Problem requirements: Would you please write out each of the entries below exactly, omitting pictures?

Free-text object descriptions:
● ● ●

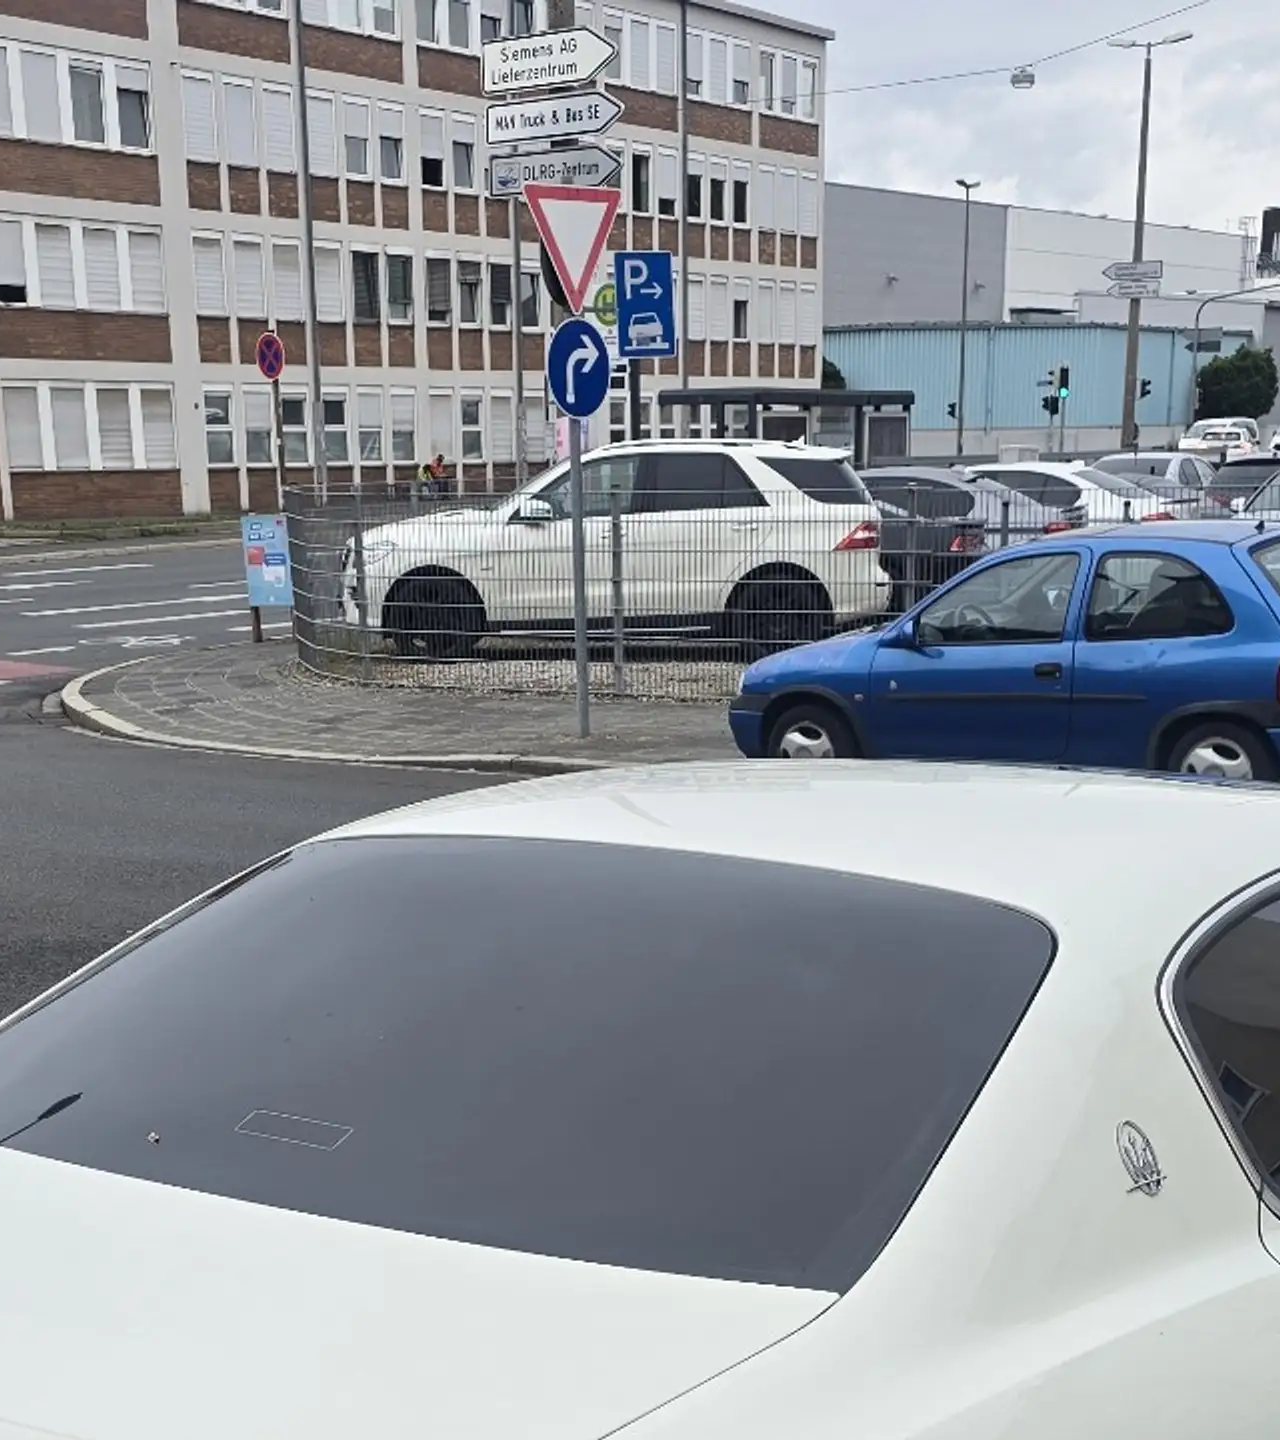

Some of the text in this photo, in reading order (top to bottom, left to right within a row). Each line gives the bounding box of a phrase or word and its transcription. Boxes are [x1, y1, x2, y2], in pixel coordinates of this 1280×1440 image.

[500, 38, 577, 63] Siemens AG
[492, 62, 578, 85] Lieferzentrum
[496, 104, 600, 131] MAN Truck & Bus SE
[523, 162, 600, 181] DLRG-Zentrum
[624, 259, 649, 300] P

● ● ●

Answer space:
Some of the text in this photo, in reading order (top to bottom, left to right within a row). Each line gives the bounding box of a phrase or word and its transcription. Boxes are [x1, y1, x2, y2], in pixel coordinates of this 1280×1440 image.

[500, 38, 577, 63] Siemens AG
[492, 62, 578, 85] Lieferzentrum
[496, 104, 600, 131] MAN Truck & Bus SE
[523, 162, 600, 181] DLRG-Zentrum
[624, 259, 649, 300] P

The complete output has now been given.